Hans used ordinary glue to attach them to the round wooden base. Traditionally, they would have used plant resins collected from trees and boiled them in a tin with animal fat or beeswax to make a fixative.

 

For dance ceremonies, they would tie the headdress to the head with a bush string fixed to the base of the feathers.

 

 

Abrus_precatorius_%E2%80%94_Scott_Zona_0

 Giddy giddy beads are collected from a native shrub. In Wik language it is called Kuuy puukuw - a small-leafed vine (abrus precatorius) with pods yielding red seeds. The pods open around August each year and the seeds drop to the ground.
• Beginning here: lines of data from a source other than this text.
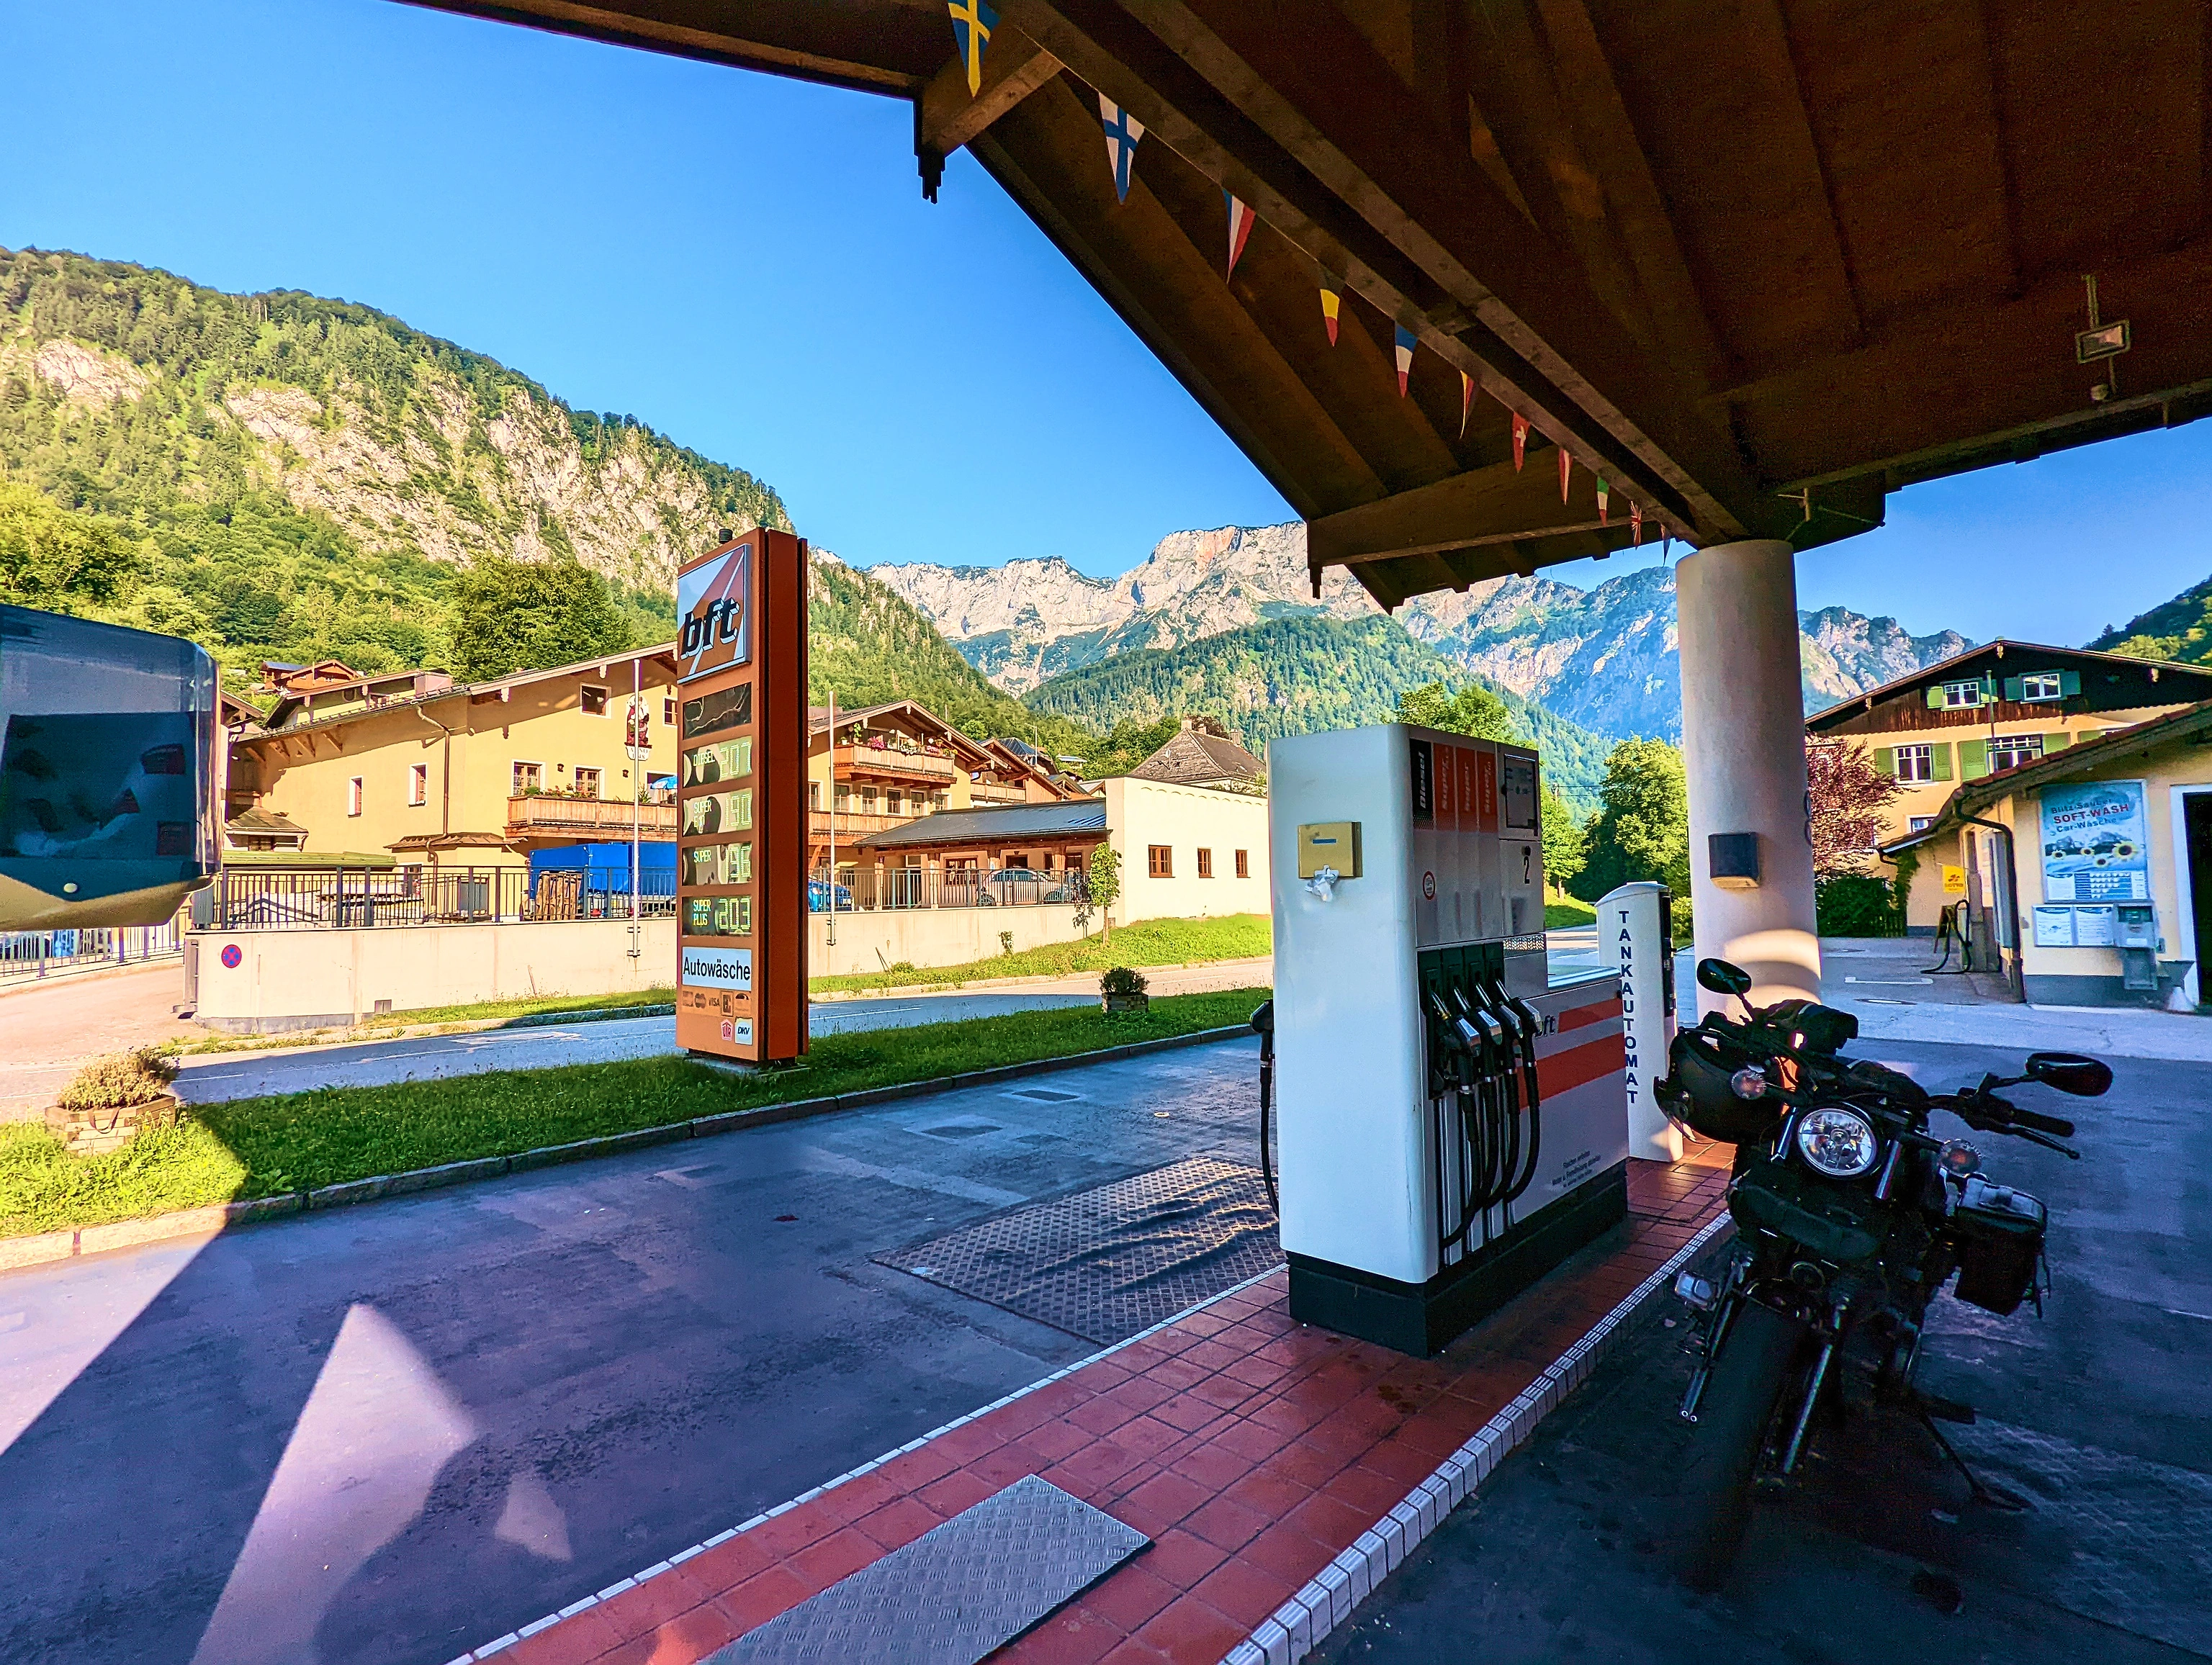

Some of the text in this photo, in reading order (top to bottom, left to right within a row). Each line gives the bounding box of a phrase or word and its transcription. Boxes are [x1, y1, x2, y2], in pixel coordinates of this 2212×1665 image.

[680, 597, 740, 660] bft
[693, 741, 752, 778] DIESEL 207
[693, 793, 752, 827] SUPER 190
[2053, 803, 2129, 824] SOFT-WASH
[693, 845, 751, 878] SUPER 196
[1523, 856, 1530, 884] 2
[693, 898, 751, 930] SUPER 203
[693, 913, 708, 926] PLUS
[683, 956, 750, 980] Autowäsche
[1619, 911, 1638, 1104] TANKAUTOMAT
[737, 1026, 750, 1035] DKV
The hard-shelled seeds are highly valued in native jewellery around the world because of its bright colour. However, jewellery-making with giddy giddy seeds is somewhat hazardous. One pinprick when piercing and threading the bead can be fatal, that's how poisonous this little seed is. Hans warned me to never ever put it in my mouth and chew it.

Australia is home to the oldest living culture on Earth and Aurukun is a very traditional community. With Hans as a guide, I was able to gain a deep appreciation of this mythic place.  Every part of this land has a story, perhaps also a dance and a song. Hans was keen to share his story and give an insight into his culture. Because of Hans, the landscape came to life and this allowed me to journey into regions I otherwise would never have ventured.

 

There is a strong interest and support from the community for cultural tourism. I sincerely hope that one day soon, I will be able to offer you the traveller, an experience similar to the one I had in Aurukun. For me, it truly was Undiscovered Australia. The experiences I had will occupy a luminous place in my memory and I have returned home somewhat, changed.

My friendship with Hans is ongoing. I spoke to him on the phone last night, he wanted to know where in the house I put the crocodile carving he made for my hubby.